Task directions:
Repeat all of the data below word for word, keeping no images.

[Entries taken from a collection]
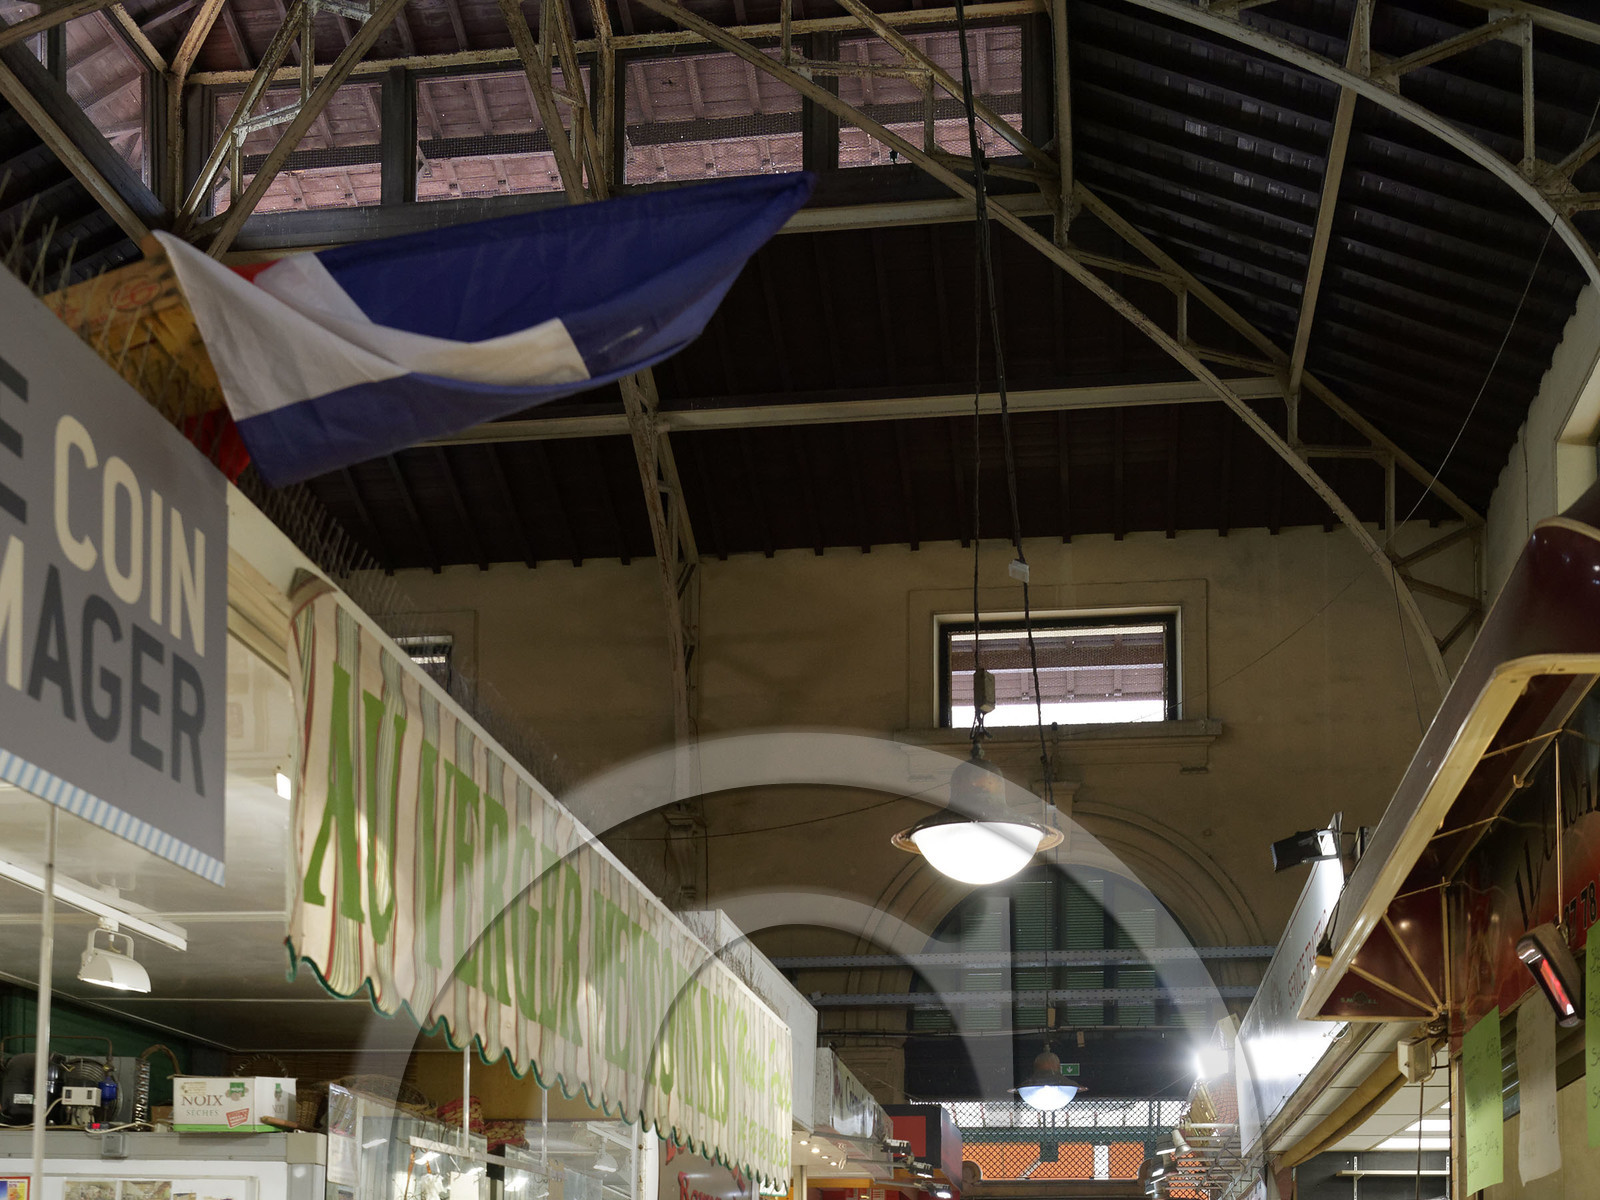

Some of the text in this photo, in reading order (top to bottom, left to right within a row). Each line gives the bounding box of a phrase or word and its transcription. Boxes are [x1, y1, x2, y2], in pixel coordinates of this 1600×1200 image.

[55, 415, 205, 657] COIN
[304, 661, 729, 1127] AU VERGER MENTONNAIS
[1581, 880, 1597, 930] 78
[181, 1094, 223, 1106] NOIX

Task answer:
Some of the text in this photo, in reading order (top to bottom, left to right within a row). Each line gives the bounding box of a phrase or word and its transcription. Boxes are [x1, y1, x2, y2], in pixel coordinates of this 1600×1200 image.

[55, 415, 205, 657] COIN
[304, 661, 729, 1127] AU VERGER MENTONNAIS
[1581, 880, 1597, 930] 78
[181, 1094, 223, 1106] NOIX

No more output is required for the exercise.